AgentSkillsCN

rai-discover-validate

在所有故事完成后,通过回顾、指标采集、分支清理,以及合并至开发分支,完成一次史诗级任务。在所有故事结束后使用此功能,以正式结束史诗级任务的生命周期。

SKILL.md
--- frontmatter
name: rai-discover-validate
description: >
  Validate component descriptions using confidence-tier workflow.
  Auto-validates high-confidence, batch-reviews medium by module,
  flags low for individual human review.

license: MIT

metadata:
  raise.work_cycle: discovery
  raise.frequency: per-project
  raise.fase: "3"
  raise.prerequisites: discover-scan
  raise.next: ""
  raise.gate: ""
  raise.adaptable: "true"
  raise.version: "2.0.0"

Discovery Validate: Confidence-Based Review

Purpose

Validate component descriptions using a confidence-tier workflow that reduces human decisions from O(components) to O(modules + exceptions). High-confidence components are auto-validated. Medium-confidence components are reviewed as module batches with AI synthesis. Low-confidence components get individual human review.

Key insight: The deterministic analyzer (rai discover analyze) already did the heavy lifting. This skill only involves the human where it matters.

Mastery Levels (ShuHaRi)

Shu (守): Follow all steps, review each tier in order.

Ha (破): Trust high-confidence auto-validation; focus time on medium/low.

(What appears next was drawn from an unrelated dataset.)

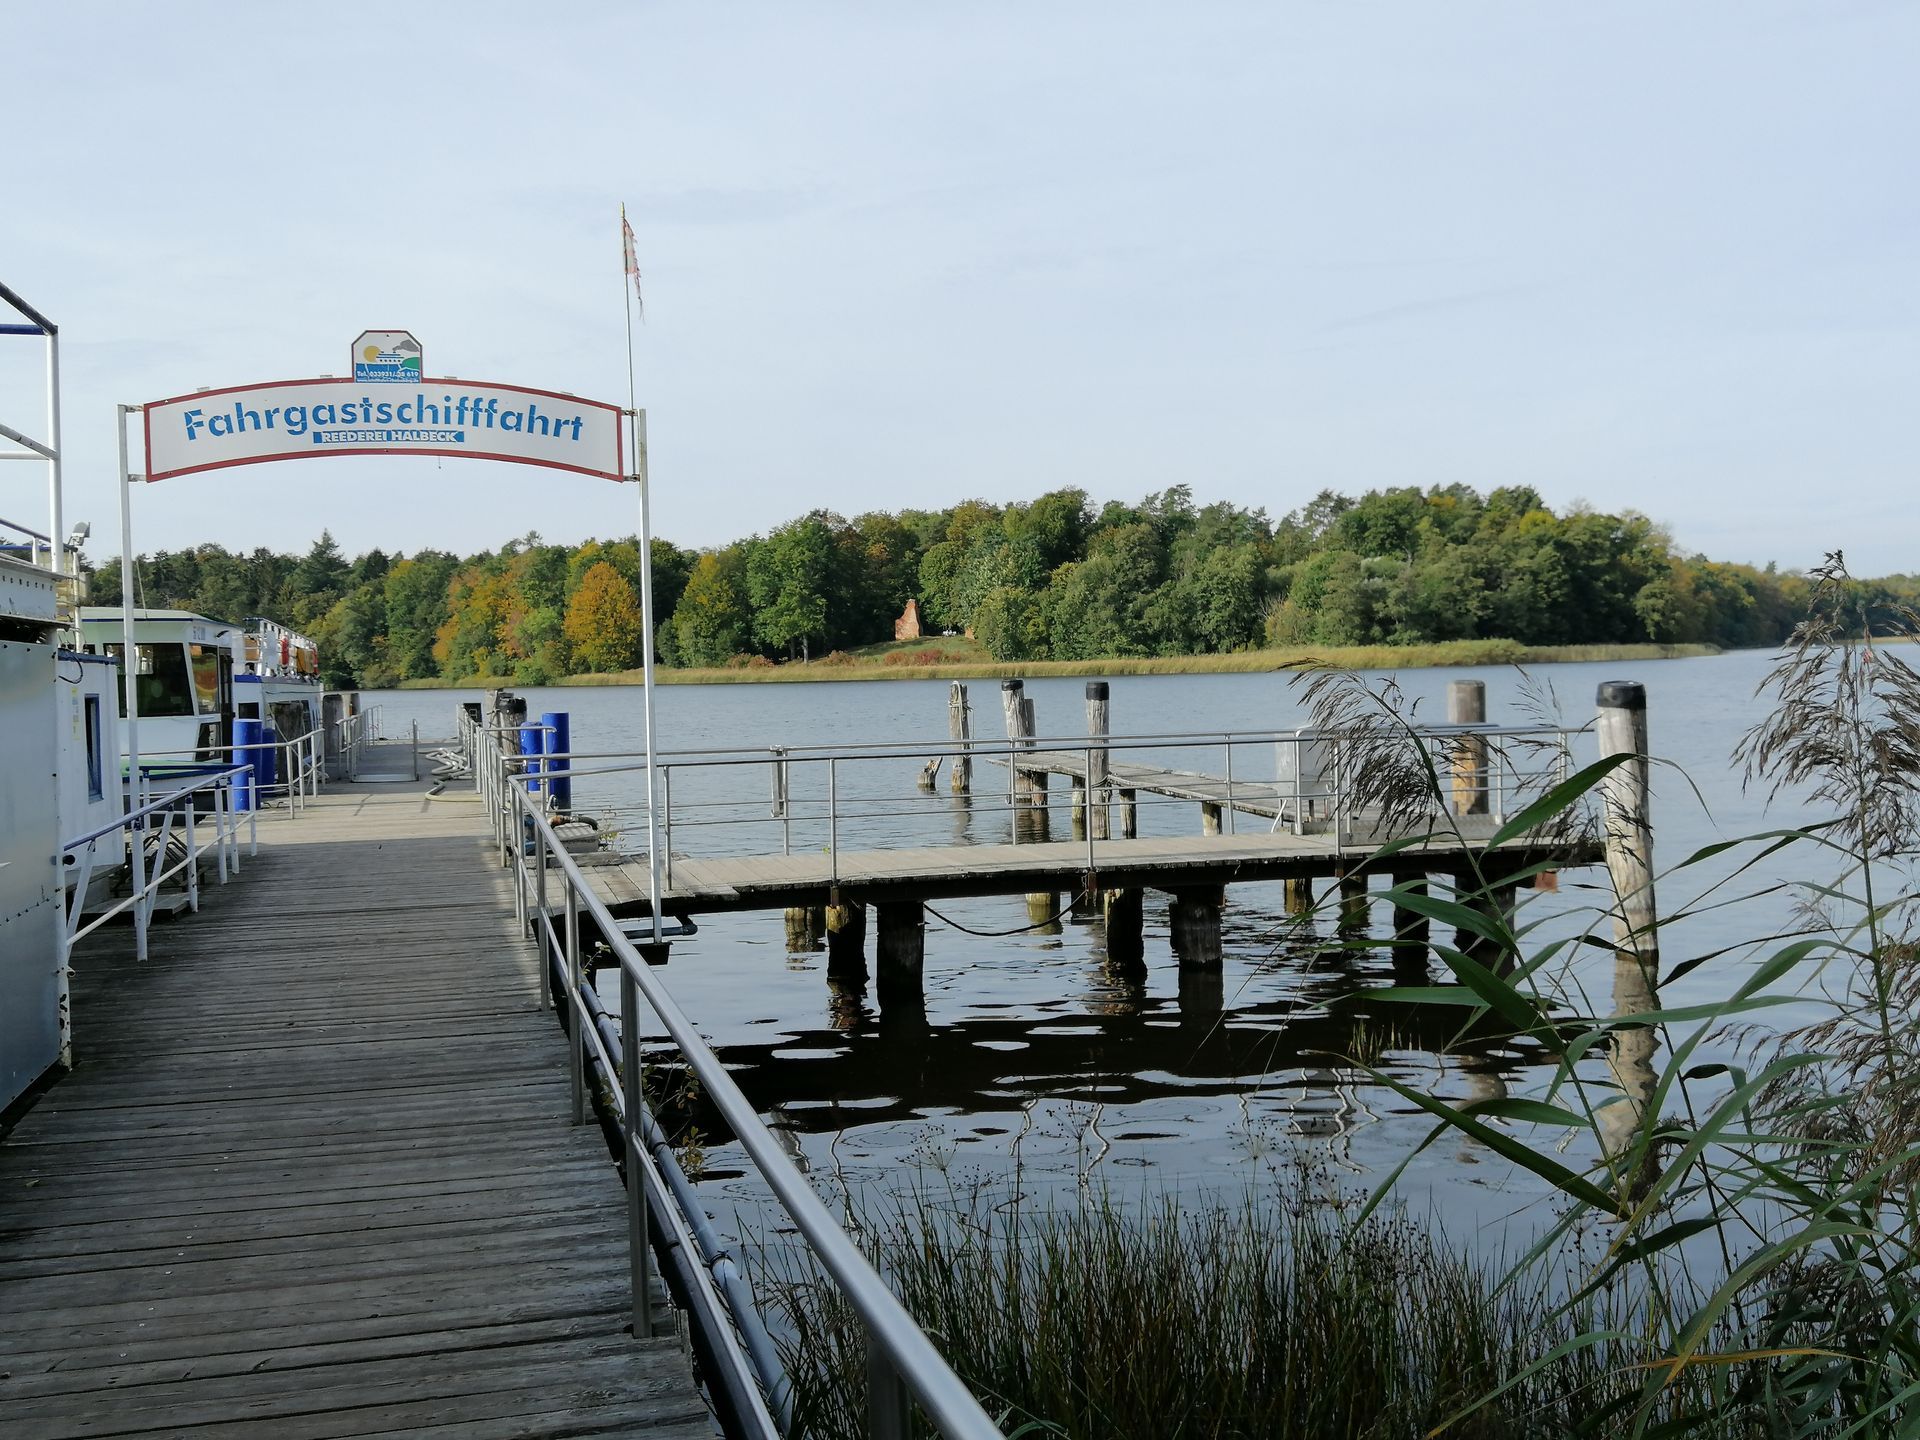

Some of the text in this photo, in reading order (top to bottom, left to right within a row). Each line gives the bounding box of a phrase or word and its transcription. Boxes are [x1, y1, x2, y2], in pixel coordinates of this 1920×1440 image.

[184, 394, 583, 441] Fahrgastschifffahrt
[322, 430, 457, 442] REEDEREI HALBECK

Ri (離): Tune confidence thresholds for domain-specific projects.

Context

When to use:

  • After /rai-discover-scan has created work/discovery/analysis.json
  • When re-validating after code changes (re-run scan + analyze first)

When to skip:

  • All components already validated
  • No analysis.json (run /rai-discover-scan first)

Inputs required:

  • work/discovery/analysis.json from /rai-discover-scan (via rai discover analyze)
  • work/discovery/components-draft.yaml from /rai-discover-scan

Output:

  • Updated work/discovery/components-draft.yaml with validated: true
  • work/discovery/components-validated.json — Final component catalog for graph integration

Steps

Step 1: Load Analysis Results

Read the analysis file:

bash
rai discover analyze --input work/discovery/analysis.json --output summary

Or read directly:

code
Read: work/discovery/analysis.json

Extract:

  • Confidence distribution (high/medium/low counts)
  • Module groups (for batch processing)
  • Components list with confidence tiers

Present overview to user:

markdown
## Validation Overview

**Components:** {total}
- High confidence (auto-validate): {N} ({percent}%)
- Medium confidence (module batch review): {N} ({percent}%)
- Low confidence (individual review): {N} ({percent}%)

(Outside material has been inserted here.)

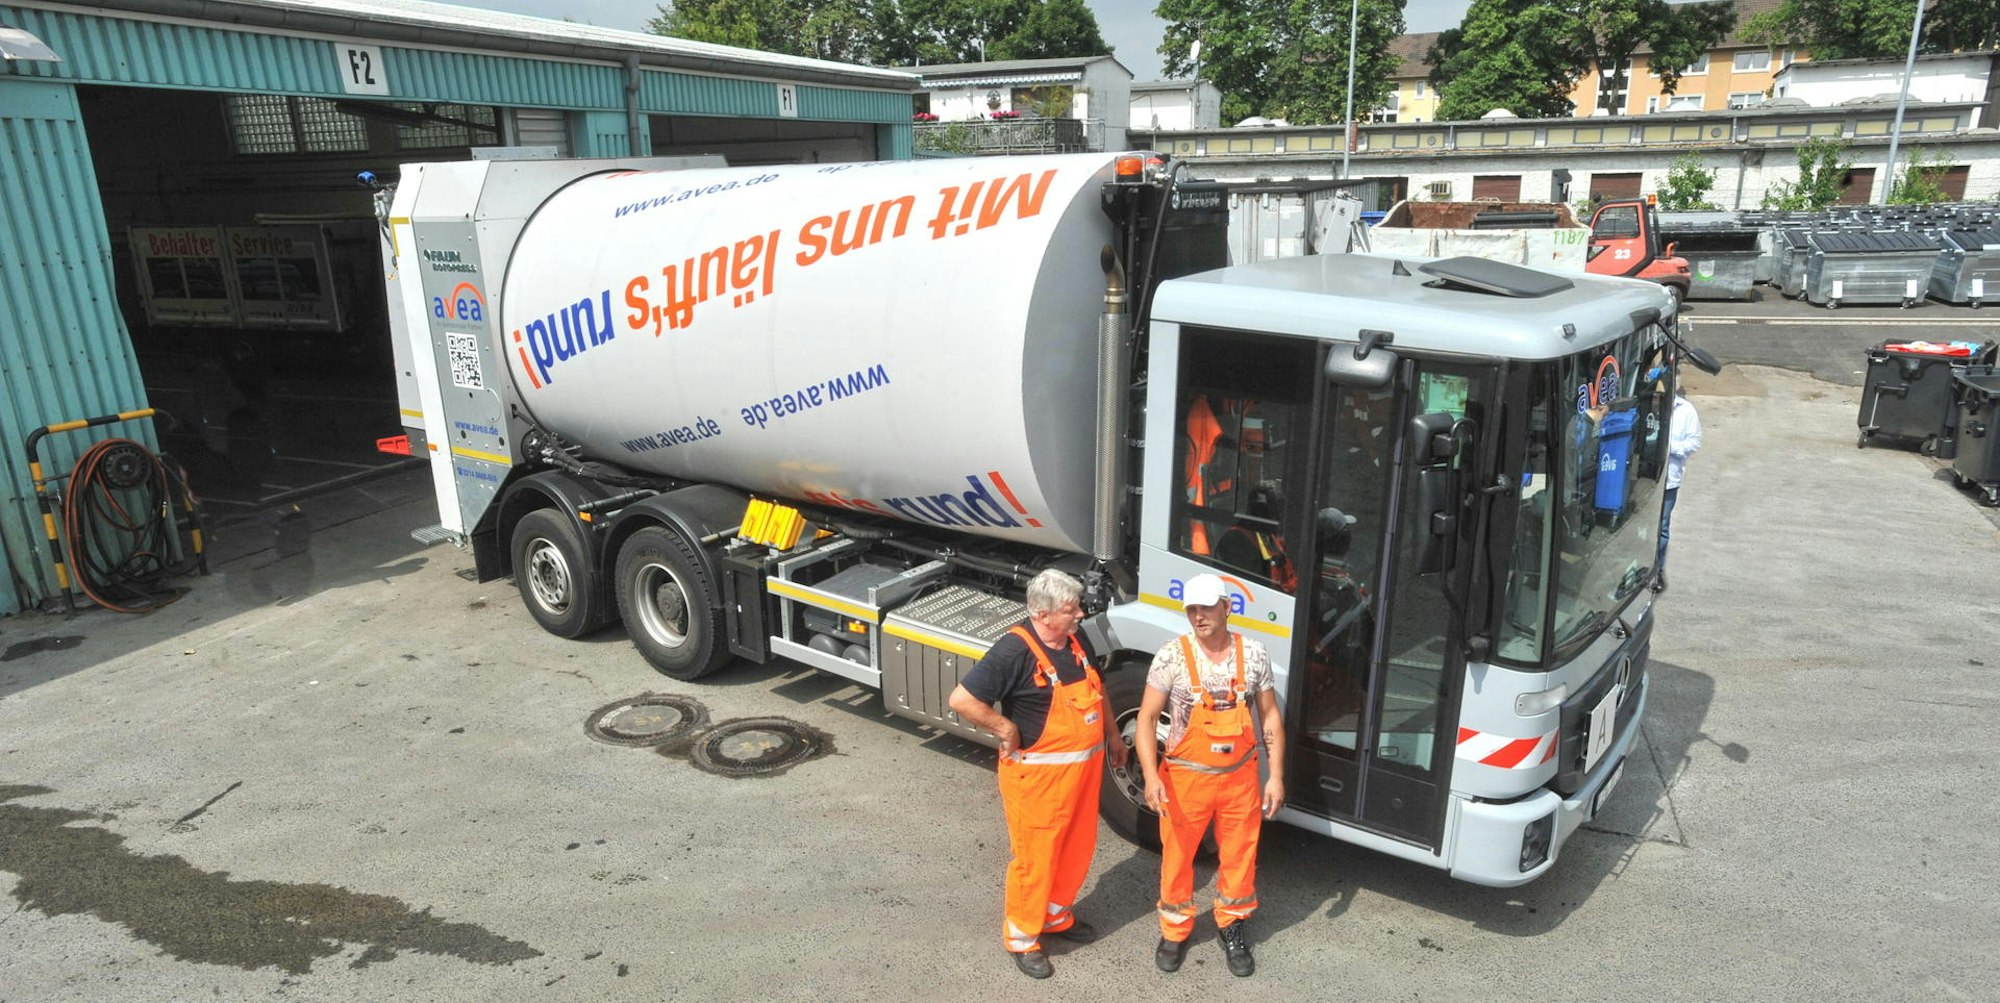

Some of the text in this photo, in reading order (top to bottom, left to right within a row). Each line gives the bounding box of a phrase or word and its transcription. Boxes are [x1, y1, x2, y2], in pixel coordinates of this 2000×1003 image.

**Module groups:** {N} modules
**Estimated human decisions:** ~{medium_modules + low_count}

Verification: Analysis loaded with confidence tiers.

If you can't continue: No analysis.json → Run /rai-discover-scan first.

Step 2: Auto-Validate High Confidence

Components with confidence score >= 70 have strong signals (docstring, type annotations, path convention, known base class). Auto-validate them:

For each high-confidence component:

  • Use auto_purpose (first sentence of docstring) as purpose
  • Use auto_category as category
  • Set validated: true, validated_by: auto, validated_at: {timestamp}

Present summary to user:

markdown
### Auto-Validated: {N} components

Categories: {breakdown}

These components had strong documentation signals. Review any exceptions below.

Ask user: "Auto-validate {N} high-confidence components? [Approve all / Review individually]"

Verification: High-confidence components marked validated.

Step 3: Batch Review Medium Confidence (by Module)

Medium-confidence components (40-69) have partial signals — they need AI synthesis for purpose/category but can be reviewed efficiently in module batches.

For each module group (from module_groups in analysis.json):

  1. Read all medium-confidence components in this module
  2. If the module has components that already have good auto_purpose, present those
  3. For components without good purpose, synthesize descriptions using module context

Present the module batch:

markdown
### Module: {file_path} ({N} components)

| # | Name | Kind | Auto-Category | Purpose | Confidence |
|---|------|------|---------------|---------|------------|
| 1 | {name} | {kind} | {auto_category} | {auto_purpose or "needs synthesis"} | {score} |
| 2 | ... | ... | ... | ... | ... |

Ask user per module: "Approve this module batch? [Approve all / Edit specific / Skip module]"

  • Approve all: Mark all components in module as validated
  • Edit specific: User specifies which components to correct
  • Skip module: Leave for later

Verification: Module batch processed.

Step 4: Individual Review Low Confidence

Low-confidence components (< 40) lack documentation signals — they need individual human attention.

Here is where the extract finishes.